* [Exercise directions] Only the pictures are to be left out, and the rest of the entries should be reproduced exactly.
━━━ Data under study
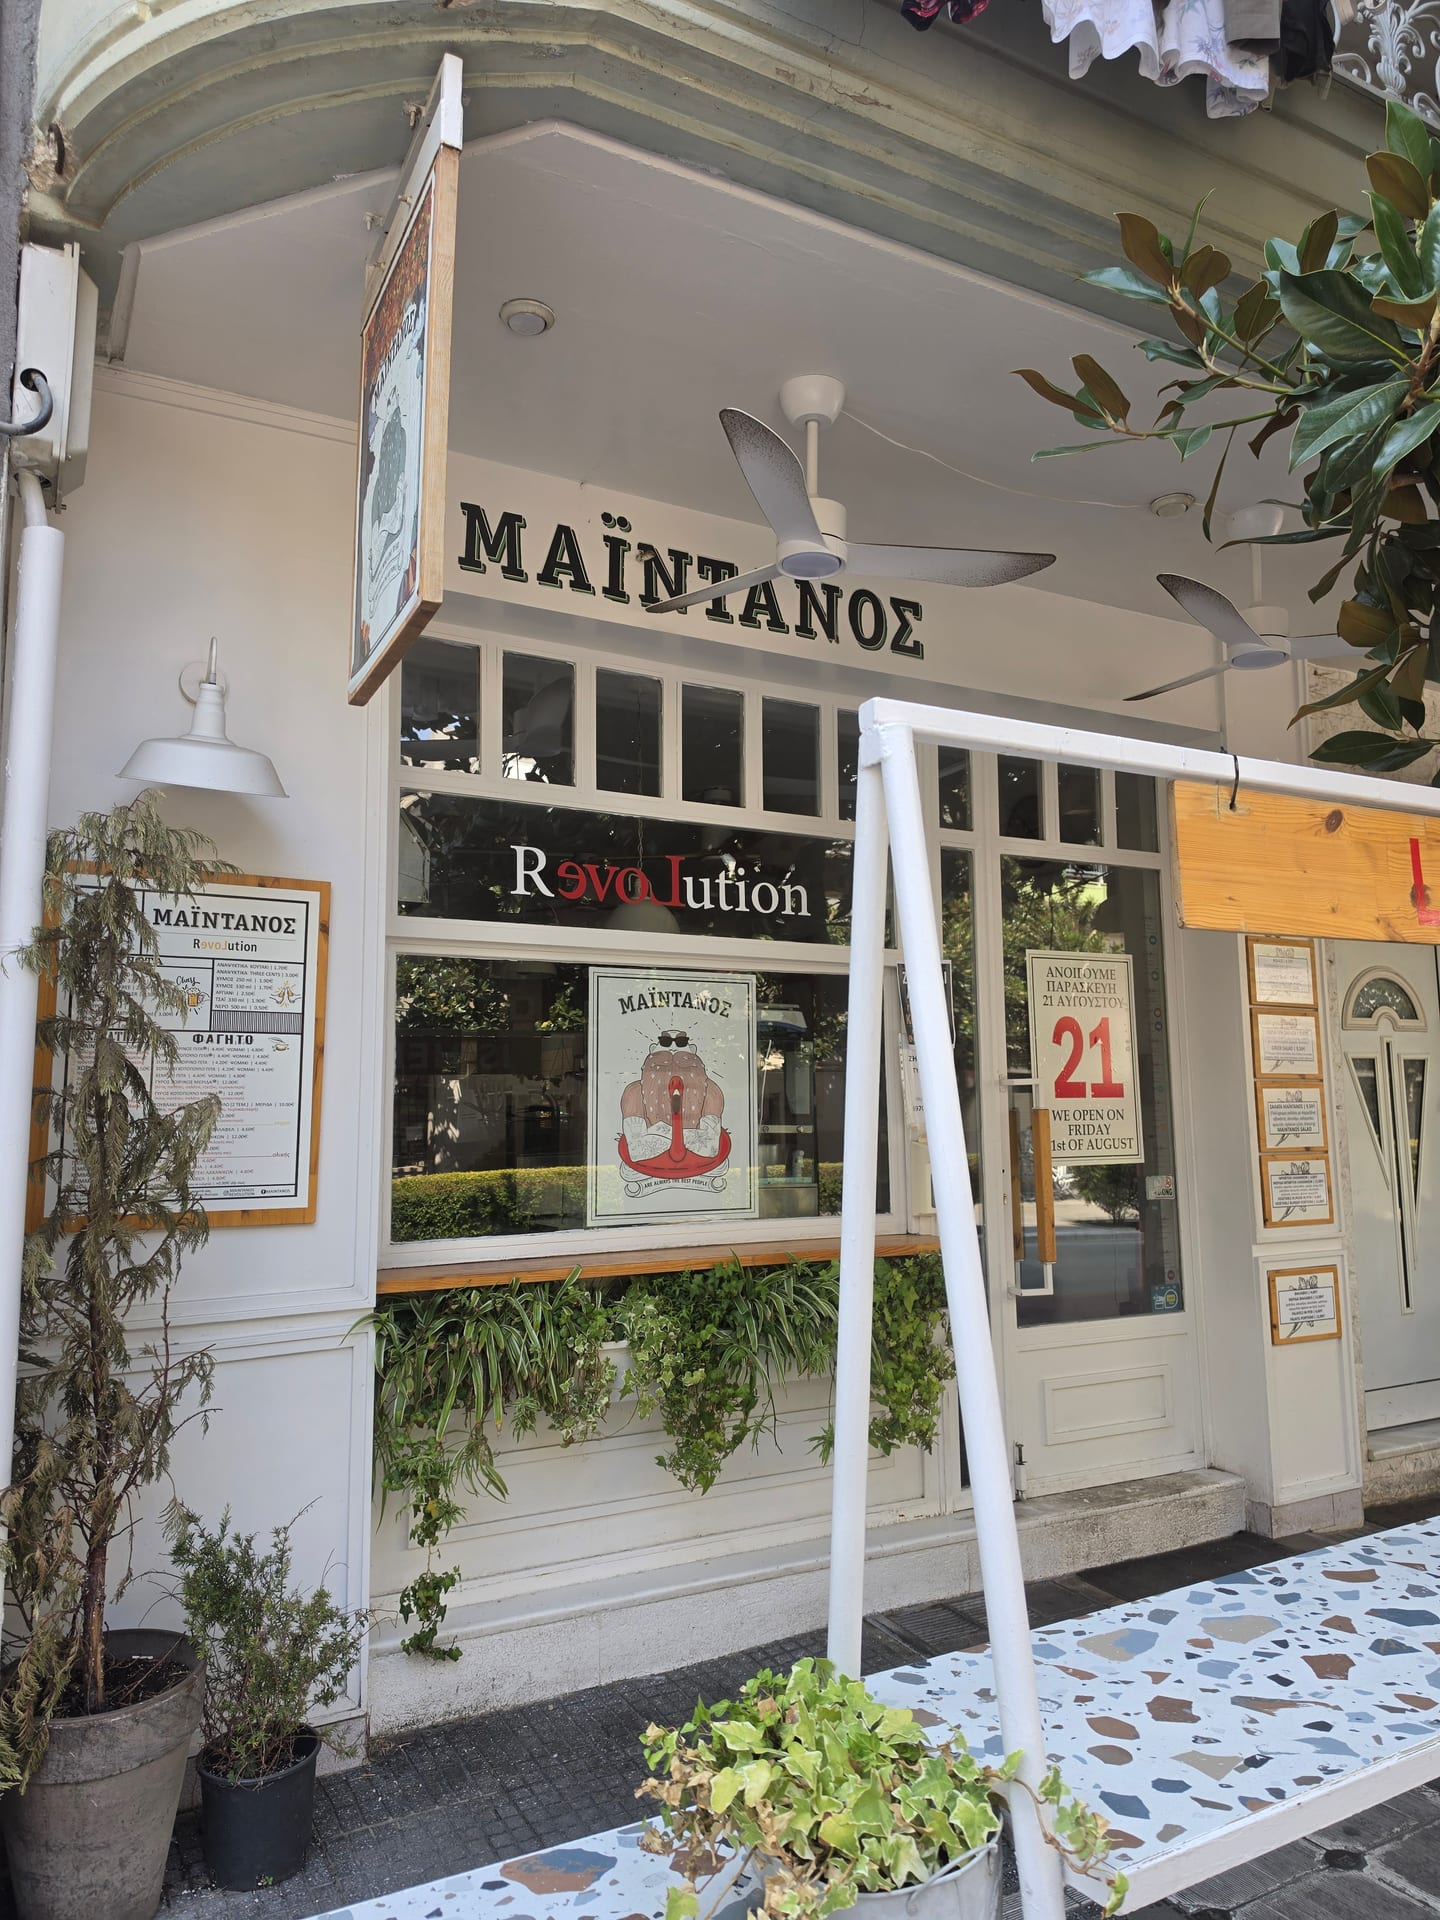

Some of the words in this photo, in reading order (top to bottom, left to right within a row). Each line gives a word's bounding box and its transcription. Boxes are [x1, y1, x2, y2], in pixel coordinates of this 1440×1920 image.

[458, 502, 924, 660] ΜΑΪΝΤΑΝΟΣ
[153, 906, 296, 934] ΜΑΪΝΤΑΝΟΣ
[1046, 966, 1116, 980] ΑΝΟΙΓΟΥΜΕ
[1047, 980, 1117, 994] ΠΑΡΑΣΚΕΥΗ
[618, 987, 732, 1018] ΜΑΪΝΤΑΝΟΣ
[1043, 995, 1054, 1007] 21
[1057, 995, 1124, 1009] ΑΥΓΟΥΣΤΟΥ
[192, 1034, 254, 1045] ΦΑΓΗΤΟ
[1052, 1016, 1124, 1098] 21
[1052, 1109, 1070, 1122] WE
[1073, 1109, 1104, 1122] OPEN
[1107, 1108, 1124, 1121] ON
[1068, 1123, 1111, 1136] FRIDAY
[1068, 1139, 1083, 1150] OF
[1086, 1137, 1134, 1150] AUGUST
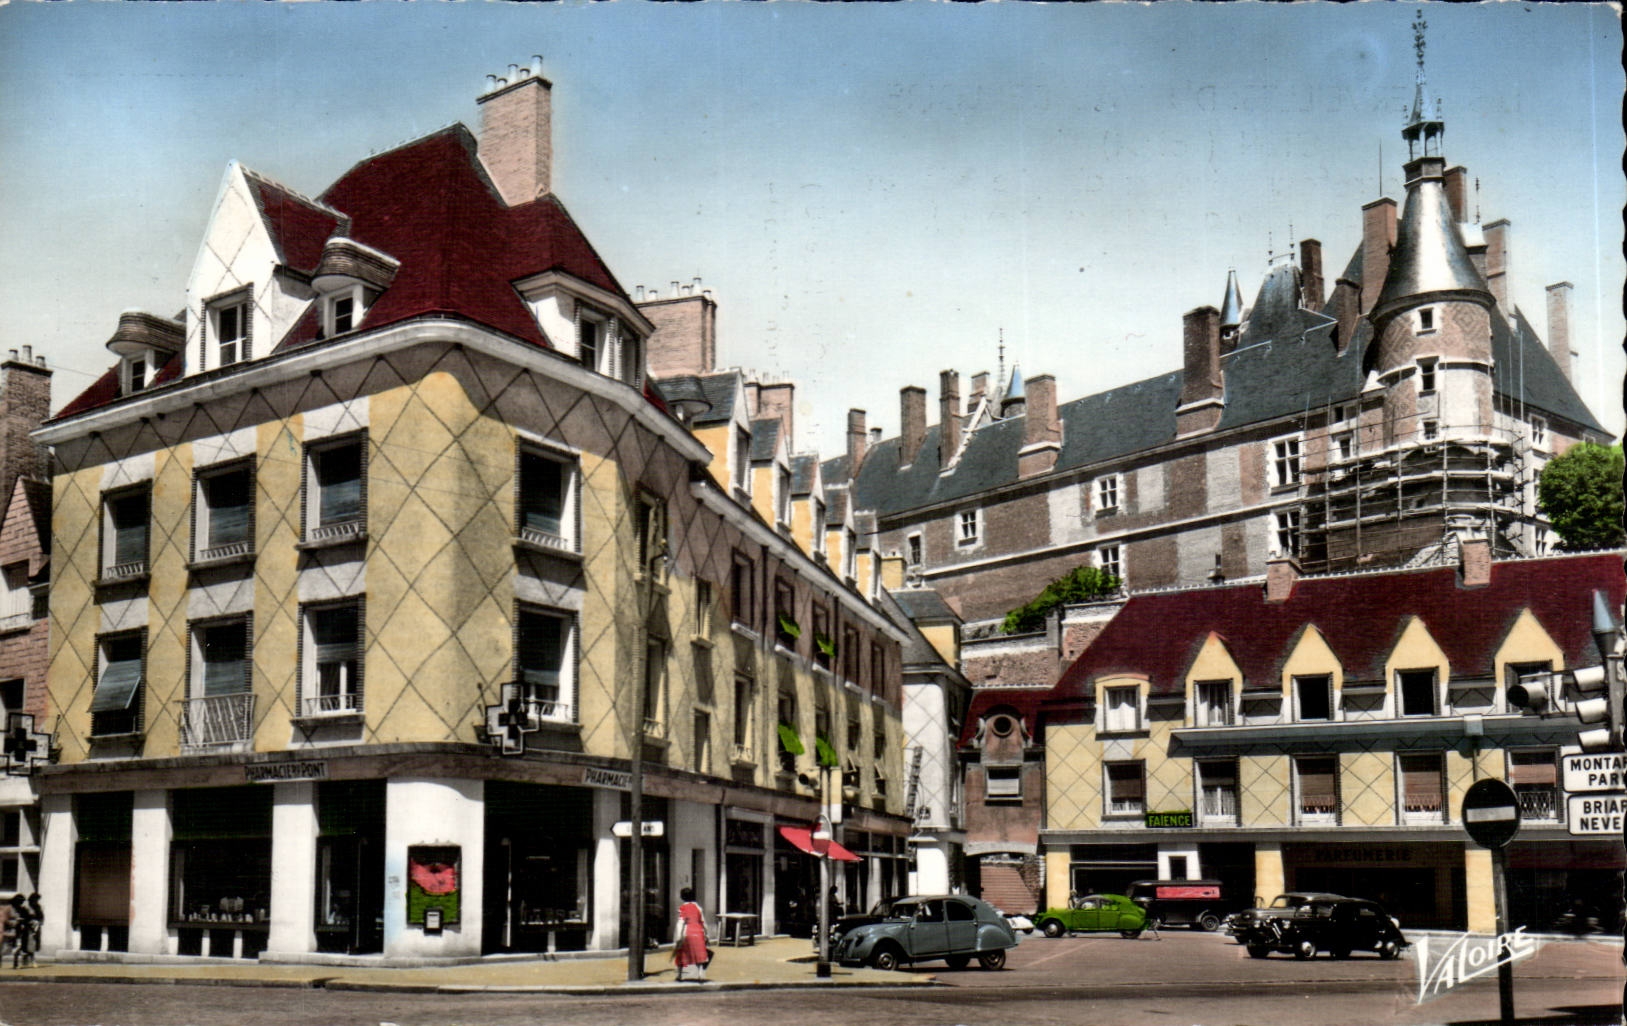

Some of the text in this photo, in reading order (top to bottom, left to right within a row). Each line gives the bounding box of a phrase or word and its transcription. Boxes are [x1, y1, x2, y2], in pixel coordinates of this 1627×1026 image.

[245, 764, 292, 780] PHARMACIE
[301, 761, 325, 778] PONT
[1580, 816, 1621, 831] NEVE
[1315, 848, 1410, 861] PARFUMERIE
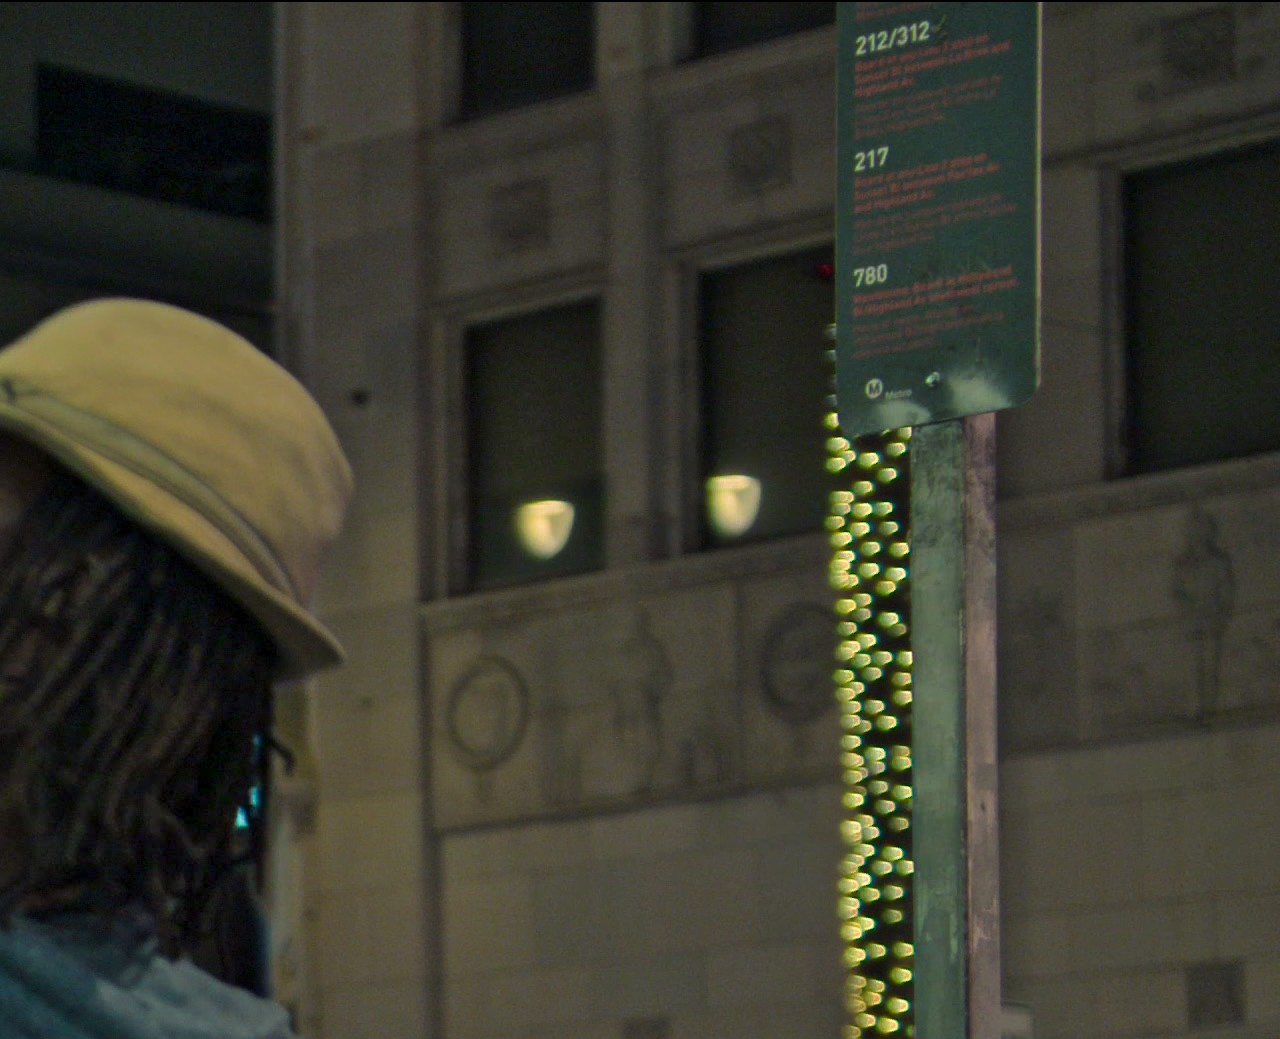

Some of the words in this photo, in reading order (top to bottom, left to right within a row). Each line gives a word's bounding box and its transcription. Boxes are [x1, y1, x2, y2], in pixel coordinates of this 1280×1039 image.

[855, 20, 931, 56] 212/312
[854, 146, 889, 172] 217
[853, 263, 888, 288] 780
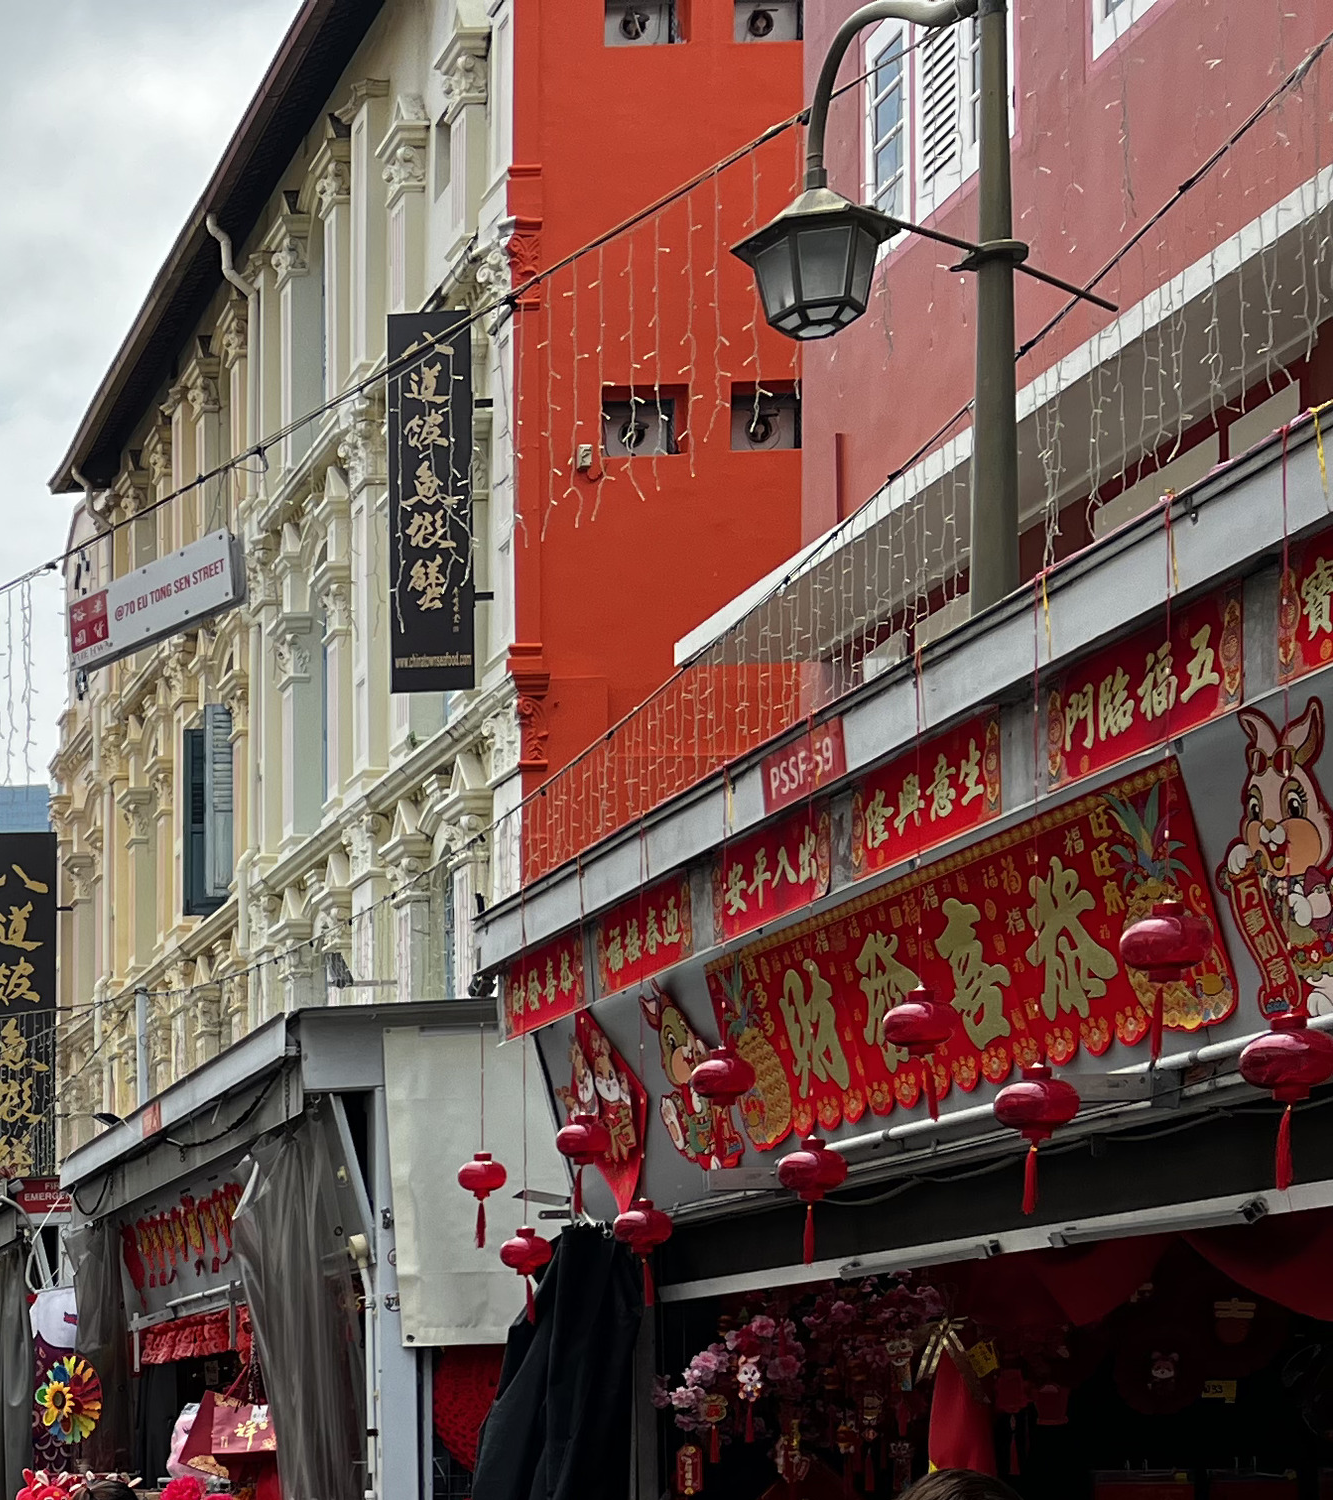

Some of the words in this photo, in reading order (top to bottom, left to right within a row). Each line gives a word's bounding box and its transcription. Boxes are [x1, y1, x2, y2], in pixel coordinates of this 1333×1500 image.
━━━━━━
* [Output]
Some of the words in this photo, in reading order (top to bottom, left to right within a row). Each line gives a word's bounding box and its transcription. Boxes are [x1, y1, x2, y2], in pixel coordinates of this 1440×1920 image.

[458, 502, 924, 660] ΜΑΪΝΤΑΝΟΣ
[153, 906, 296, 934] ΜΑΪΝΤΑΝΟΣ
[1046, 966, 1116, 980] ΑΝΟΙΓΟΥΜΕ
[1047, 980, 1117, 994] ΠΑΡΑΣΚΕΥΗ
[618, 987, 732, 1018] ΜΑΪΝΤΑΝΟΣ
[1043, 995, 1054, 1007] 21
[1057, 995, 1124, 1009] ΑΥΓΟΥΣΤΟΥ
[192, 1034, 254, 1045] ΦΑΓΗΤΟ
[1052, 1016, 1124, 1098] 21
[1052, 1109, 1070, 1122] WE
[1073, 1109, 1104, 1122] OPEN
[1107, 1108, 1124, 1121] ON
[1068, 1123, 1111, 1136] FRIDAY
[1068, 1139, 1083, 1150] OF
[1086, 1137, 1134, 1150] AUGUST

Some of the text in this photo, in reading order (top to bottom, left to right within a row). Each line gives the bounding box of a phrase or word and its transcription. Boxes are [x1, y1, x2, y2], in pixel coordinates of this 1627×1026 image.

[245, 764, 292, 780] PHARMACIE
[301, 761, 325, 778] PONT
[1580, 816, 1621, 831] NEVE
[1315, 848, 1410, 861] PARFUMERIE

Some of the words in this photo, in reading order (top to bottom, left to right within a row). Each line gives a word's bounding box and its transcription. Boxes are [x1, y1, x2, y2], in pixel coordinates of this 1280×1039 image.

[855, 20, 931, 56] 212/312
[854, 146, 889, 172] 217
[853, 263, 888, 288] 780

Some of the words in this photo, in reading order (top to bottom, left to right within a row). Each line gives a word's bounding box and its transcription. Boxes are [x1, y1, x2, y2], in pixel coordinates of this 1333×1500 image.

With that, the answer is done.